At the time of the stoppage, Conn led on two official scorecards, 7-5 and 7-4-1, while the third judge had the fight even at 6-6. The Associated Press scored it 8-4 for Conn.

Then came the 13th round.

Instead of continuing to box his way toward a decision, Conn went looking for a knockout. Louis, who had been told by trainer Jack Blackburn that he needed a stoppage to win, seized the opportunity. The heavyweight champion caught Conn with a counterattack and knocked him out at 2:58 of the round.

In the dressing room afterward, Conn blamed nobody but himself.
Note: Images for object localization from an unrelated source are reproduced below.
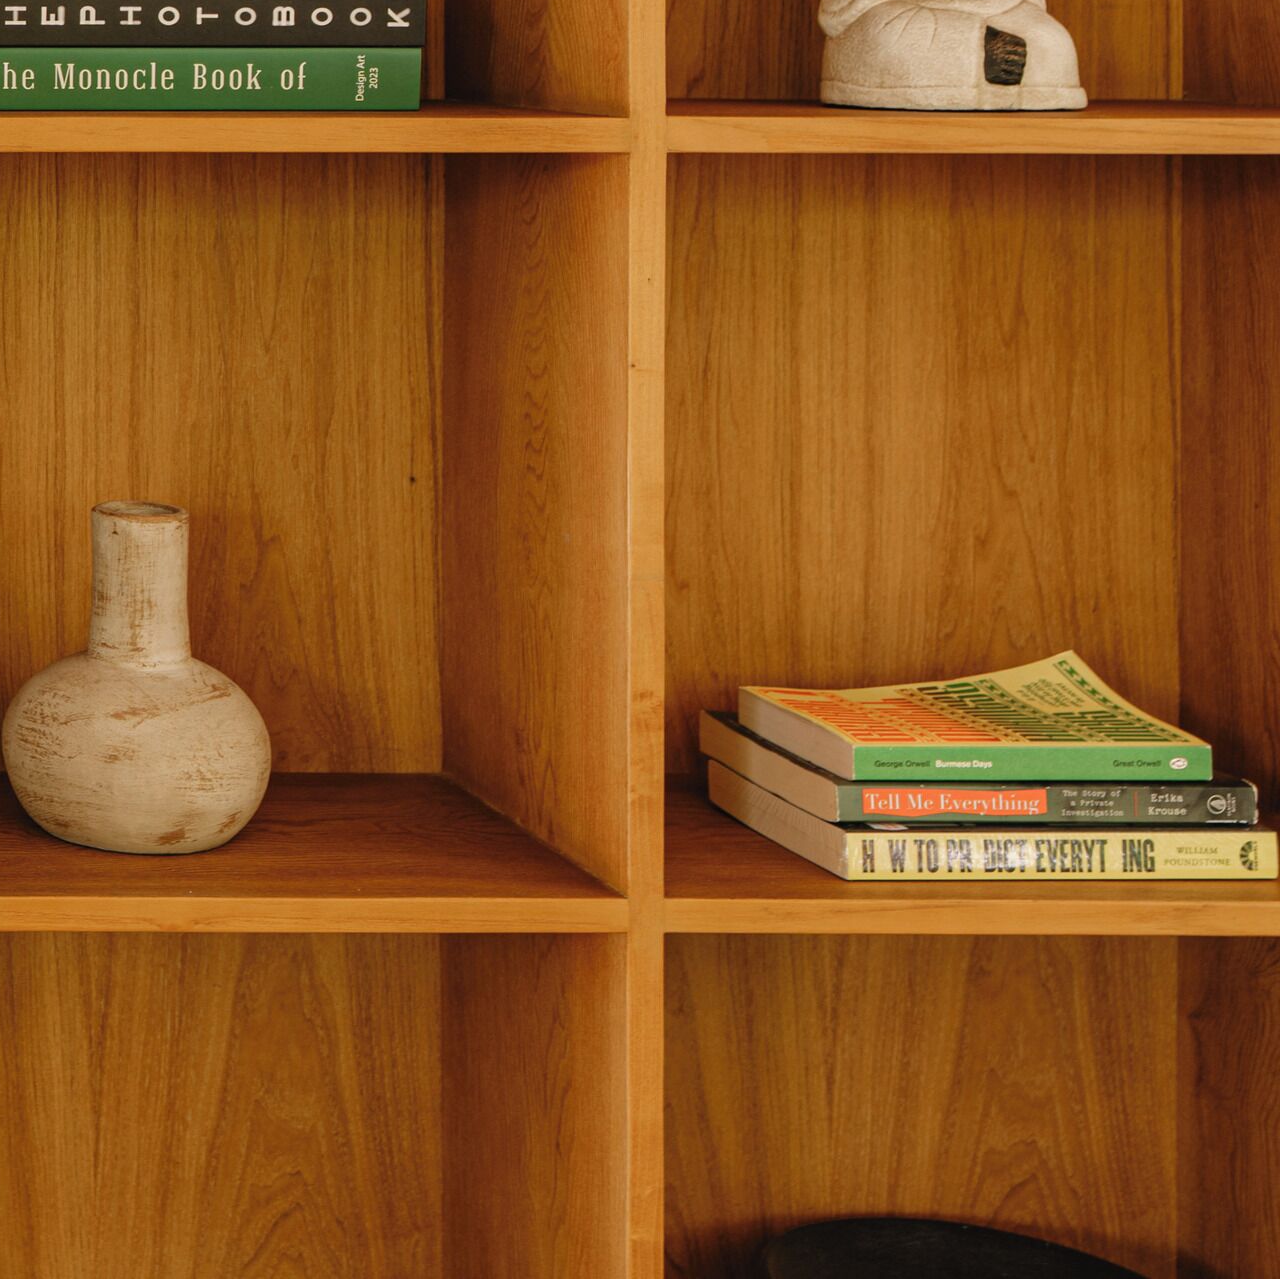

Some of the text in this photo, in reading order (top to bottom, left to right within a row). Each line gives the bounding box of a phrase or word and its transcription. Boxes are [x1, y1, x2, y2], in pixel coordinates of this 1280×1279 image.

[53, 62, 175, 91] Monocle
[192, 62, 262, 91] Book
[280, 61, 308, 91] of
[355, 55, 367, 102] Design Art
[368, 67, 379, 89] 2023
[874, 759, 993, 769] George Orwell Burmese Days
[1112, 759, 1162, 768] Great Orwell
[1061, 789, 1121, 798] The Story of
[1151, 793, 1184, 803] Erika
[865, 793, 1041, 816] Tell Me Everything
[1080, 799, 1115, 807] Private
[1061, 809, 1124, 818] Investigation
[1148, 806, 1188, 816] Krouse
[1176, 846, 1219, 855] WILLIAM
[914, 839, 940, 873] TO
[1164, 857, 1231, 867] POUNDSTONE
“I lost my head and a million bucks,” he famously said. When asked why he abandoned the strategy that had put him ahead, Conn offered another memorable line: “What’s the use of being Irish if you can’t be thick?”

The regret stayed with him for the rest of his life.

Years later, Conn admitted he had the fight won before chasing the knockout. “I was a wise guy. I had him, and I let him get away,” Conn recalled. “If I hadn’t hurt him in the twelfth and tried to knock him out in the thirteenth, I’d have beat him.”

Near the end of his life, Conn suggested he wasn’t certain the judges would have awarded him the decision against a champion as popular as Louis. Still, the fighter’s own reflections focused less on the scorecards and more on his decision to abandon a winning game plan.

Eighty-five years later, the lasting image remains the same: Billy Conn outboxing the great Joe Louis, only to let victory slip away while trying to finish the job too soon.